The Wobus lab is interested in mechanisms of norovirus, astrovirus, and SARS-CoV-2 - host interactions.
Noroviruses and astroviruses are major causes of viral gastroenteritis worldwide resulting in substantial morbidity and economic loss. However, little information is available about the biology of these viruses and no directed disease prevention and control strategies exist.

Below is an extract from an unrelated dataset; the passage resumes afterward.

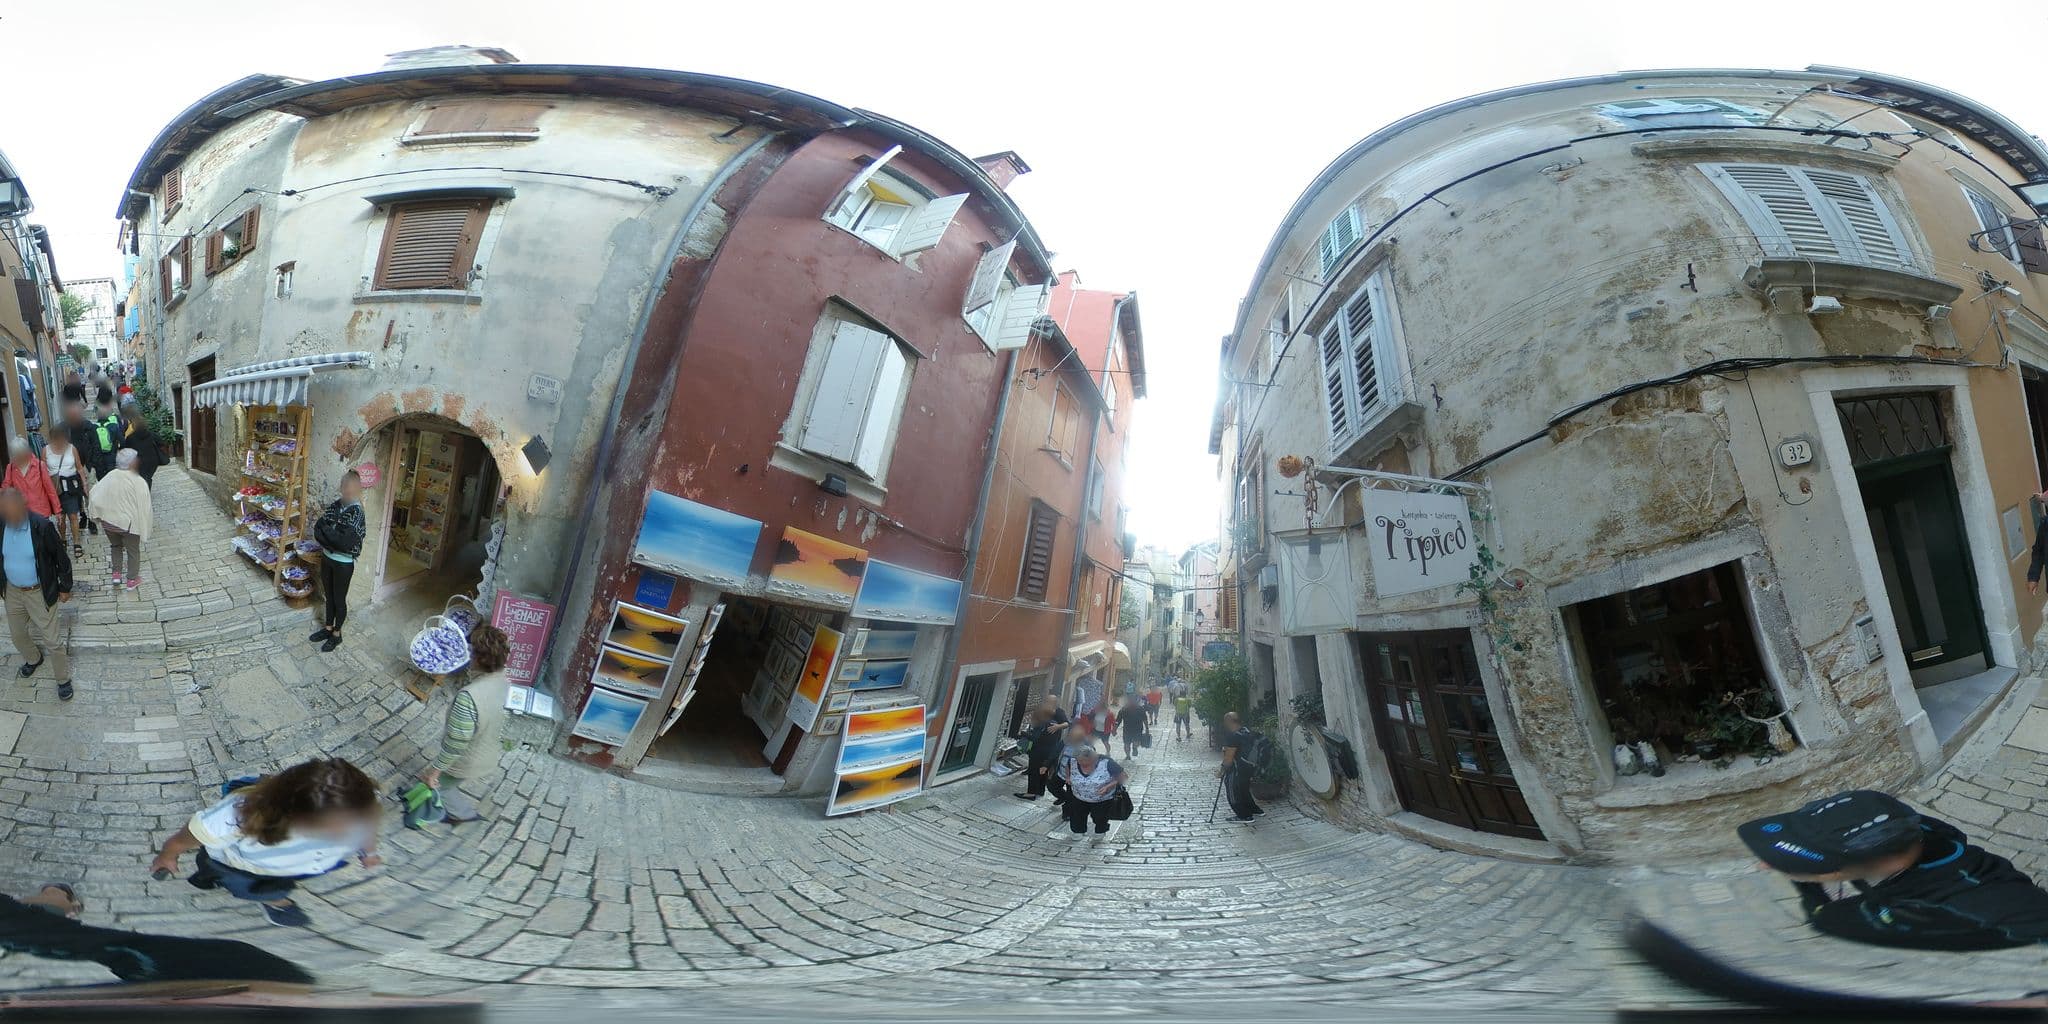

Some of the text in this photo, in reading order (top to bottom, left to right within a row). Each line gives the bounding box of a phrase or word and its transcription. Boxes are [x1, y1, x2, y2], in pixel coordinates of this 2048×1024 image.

With our discovery of the first murine norovirus (MNV-1) and hence the availability of a small animal model, the development of the first in vitro culture system and reverse genetics system for a norovirus, we have a unique system to undertake a detailed analysis of different aspects of norovirus biology. More recently, we have expanded our studies to include human norovirus to compare and contrast the human and murine viruses, and human astroviruses to define shared features of enteric viruses. We are using the two available culture models for human noroviruses (human B cells and human intestinal organoids) and human intestinal organoid systems to study human astrovirus biology. With the COVID pandemic unfolding, we are also studying SARS-CoV-2 in cell culture.
Current studies in the lab are focused on:
1) development of human organoid/immune cell co-cultures and human organoid/microbiome co-cultures to investigate the host response to astro-, norovirus, and SARS-CoV-2 infections.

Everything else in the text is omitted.